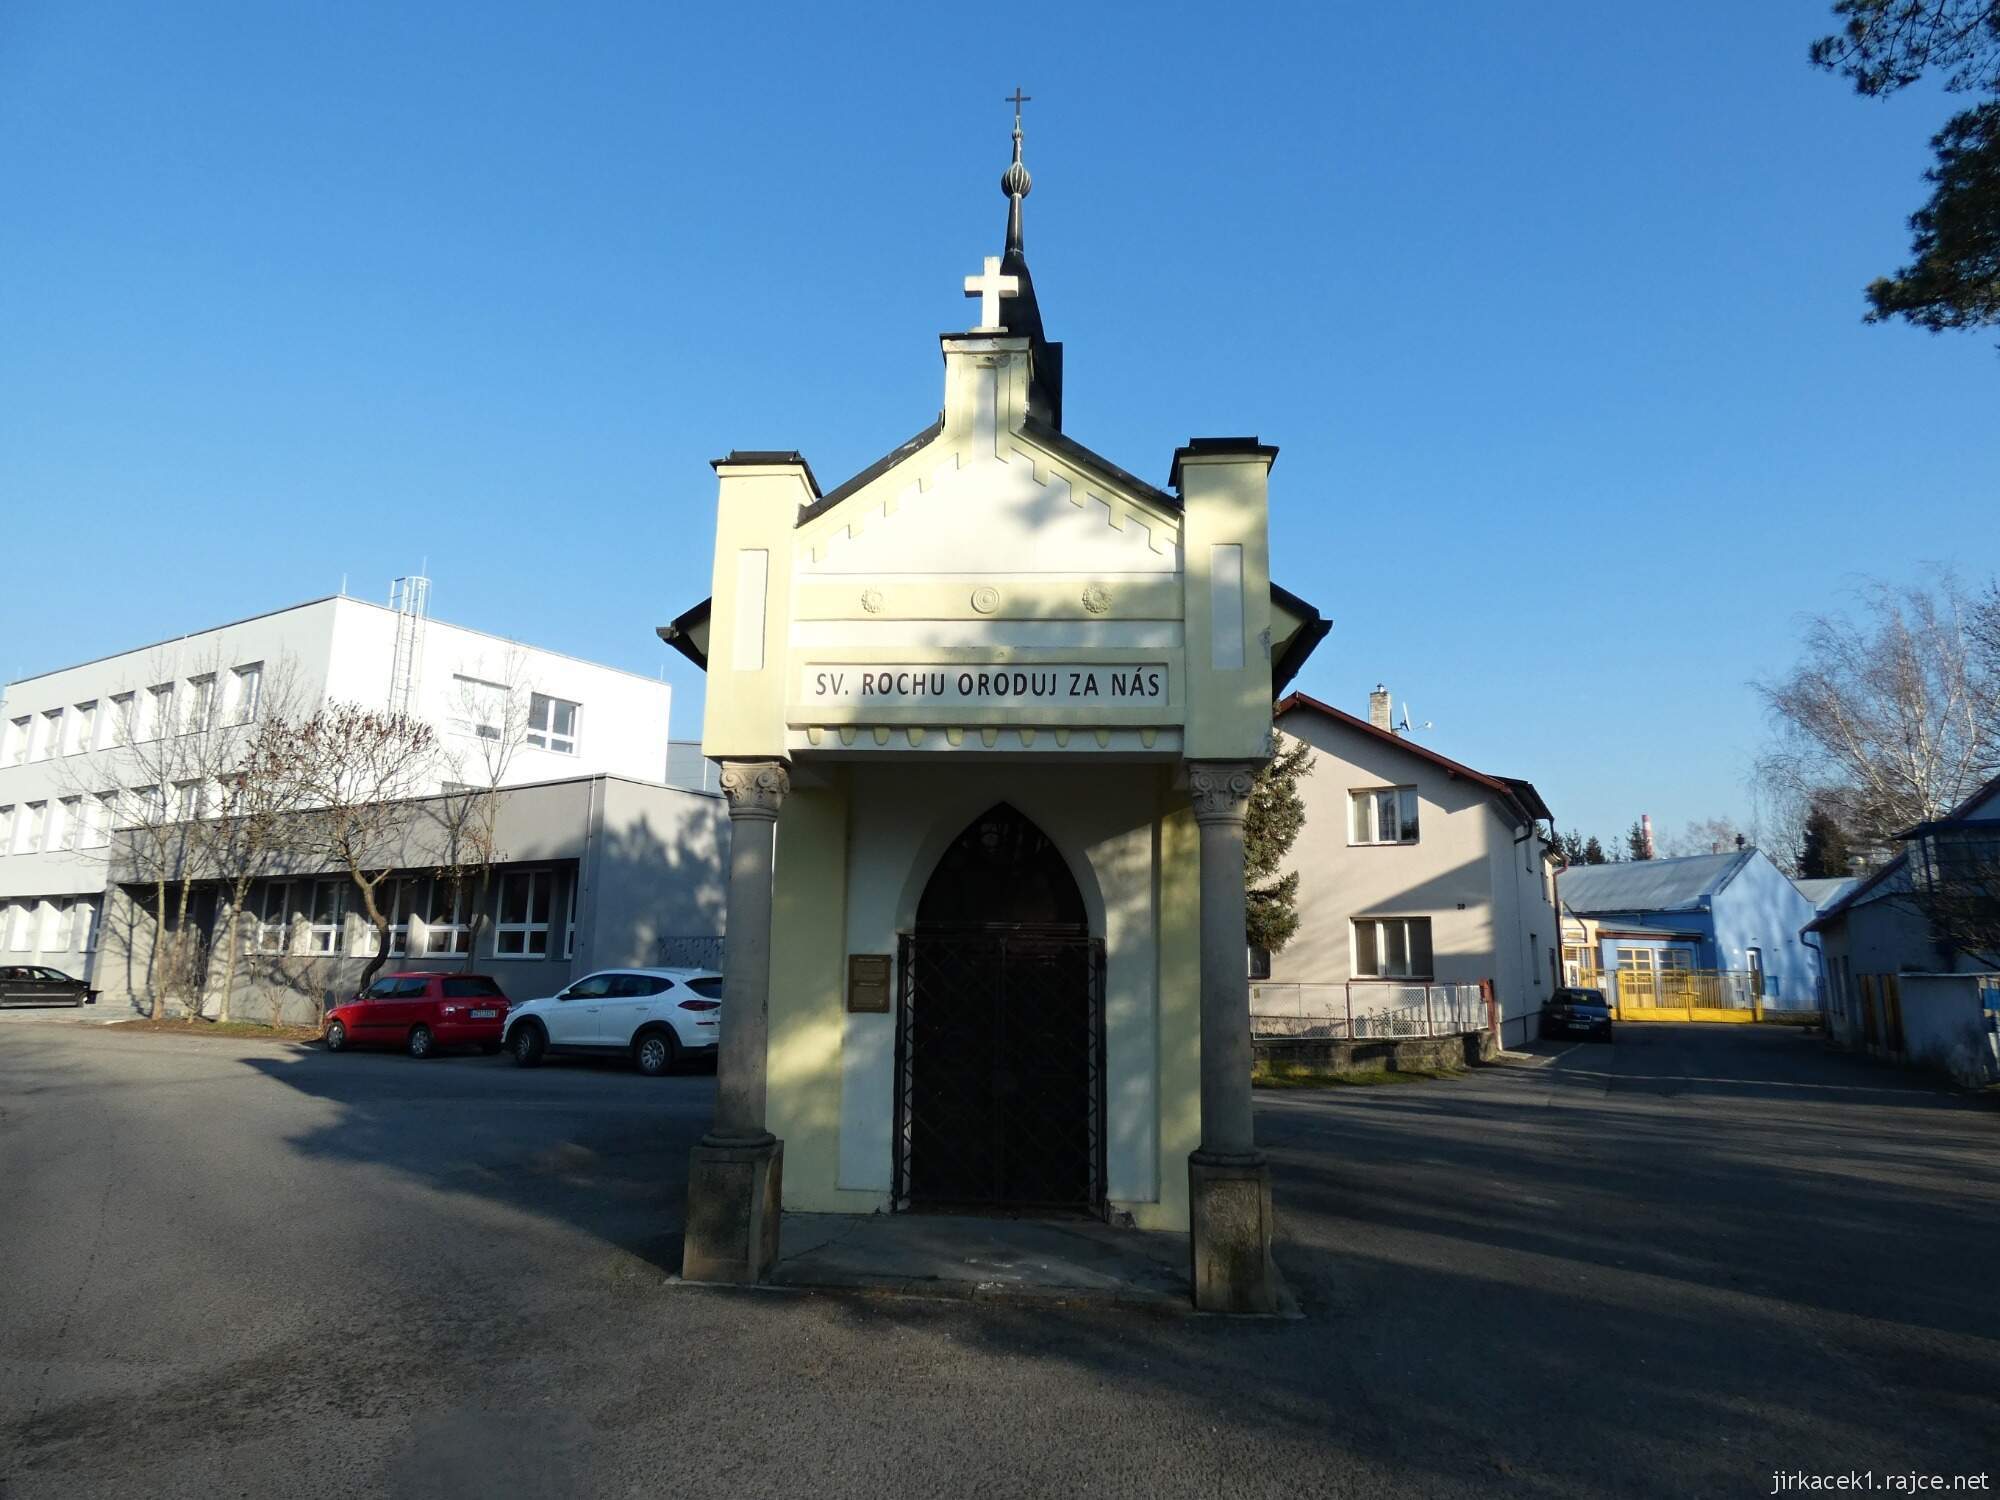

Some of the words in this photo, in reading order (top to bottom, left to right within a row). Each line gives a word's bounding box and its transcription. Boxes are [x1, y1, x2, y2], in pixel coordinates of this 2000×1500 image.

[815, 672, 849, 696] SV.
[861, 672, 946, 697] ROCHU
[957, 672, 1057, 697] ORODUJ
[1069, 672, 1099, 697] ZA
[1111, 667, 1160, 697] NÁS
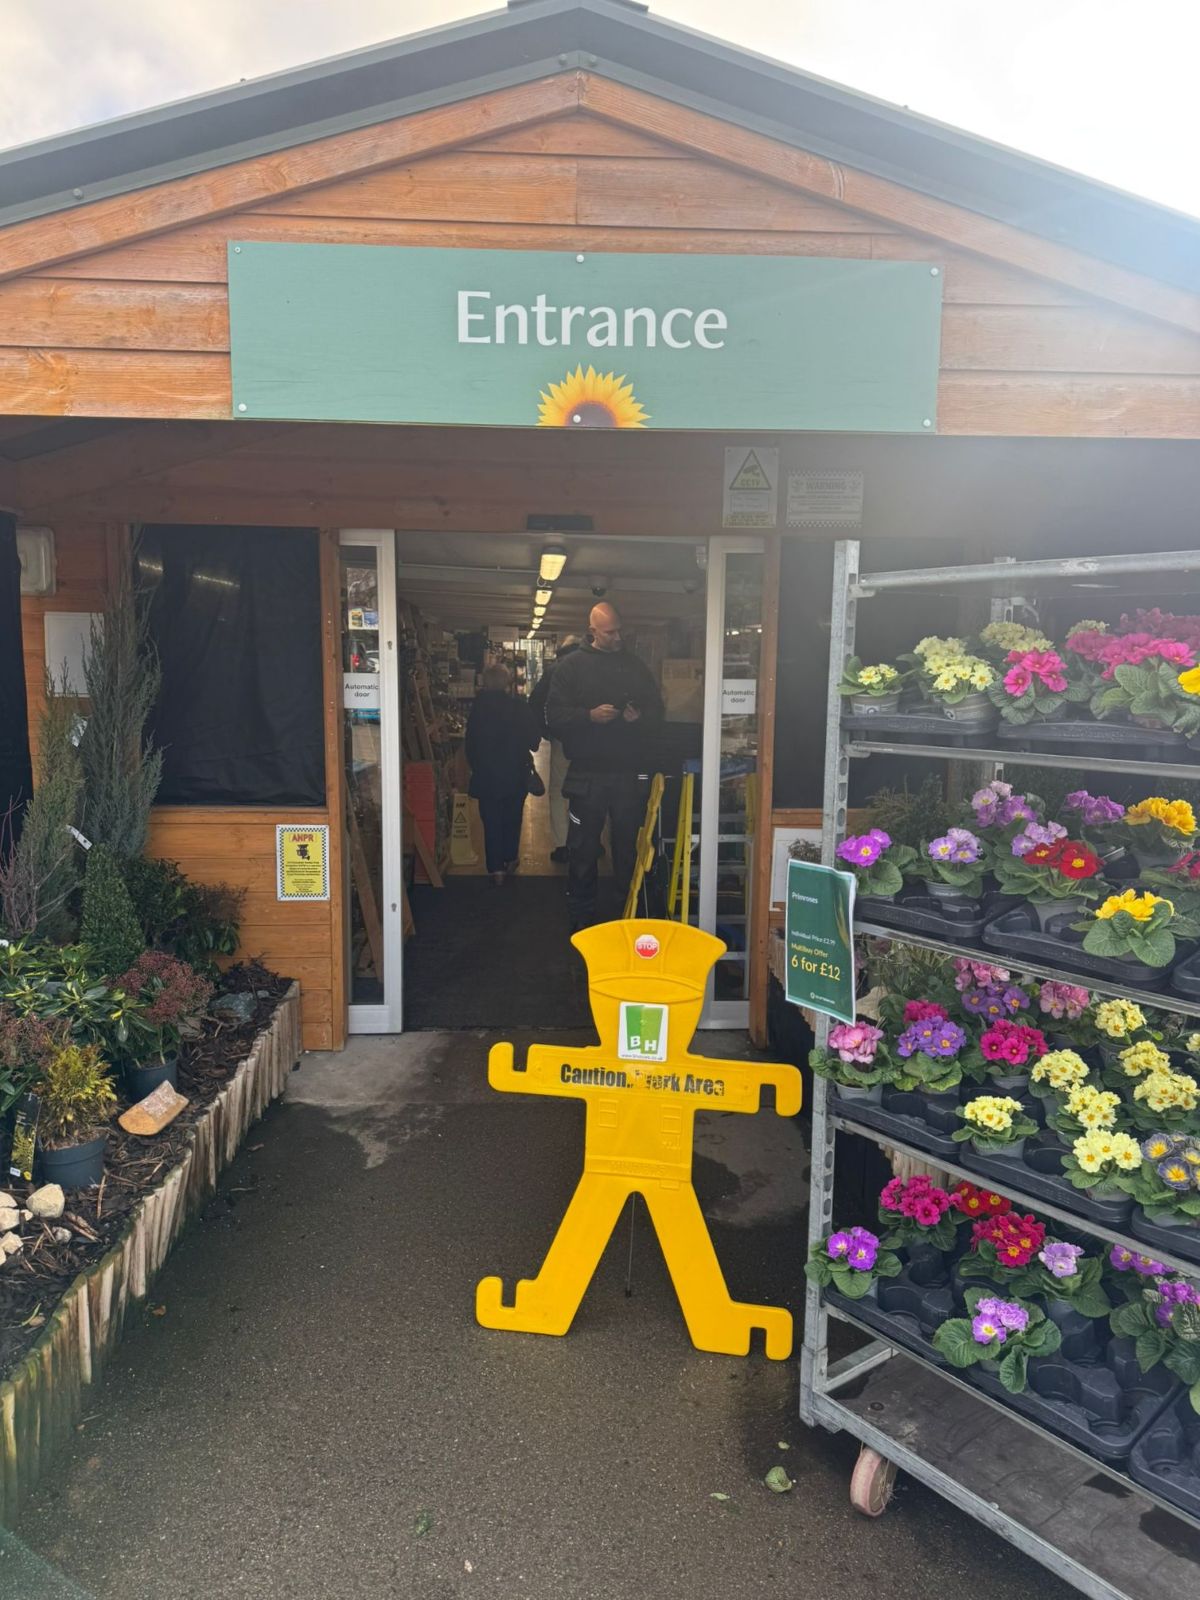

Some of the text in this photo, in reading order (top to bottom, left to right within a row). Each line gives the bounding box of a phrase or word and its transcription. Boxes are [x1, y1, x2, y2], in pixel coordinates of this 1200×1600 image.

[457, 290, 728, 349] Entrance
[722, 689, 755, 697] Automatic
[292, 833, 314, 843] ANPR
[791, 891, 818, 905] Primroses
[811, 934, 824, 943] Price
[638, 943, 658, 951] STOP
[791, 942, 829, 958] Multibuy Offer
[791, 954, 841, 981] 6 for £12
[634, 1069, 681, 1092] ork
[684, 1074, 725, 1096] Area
○ ○ ○ ○
Set down no line except those from the one with "Some of the text" to the last line of the data, inclusive, each exactly as written.

COMPLETED TASK:
Some of the text in this photo, in reading order (top to bottom, left to right within a row). Each line gives the bounding box of a phrase or word and its transcription. Boxes are [x1, y1, x2, y2], in pixel coordinates of this 1200×1600 image.

[457, 290, 728, 349] Entrance
[722, 689, 755, 697] Automatic
[292, 833, 314, 843] ANPR
[791, 891, 818, 905] Primroses
[811, 934, 824, 943] Price
[638, 943, 658, 951] STOP
[791, 942, 829, 958] Multibuy Offer
[791, 954, 841, 981] 6 for £12
[634, 1069, 681, 1092] ork
[684, 1074, 725, 1096] Area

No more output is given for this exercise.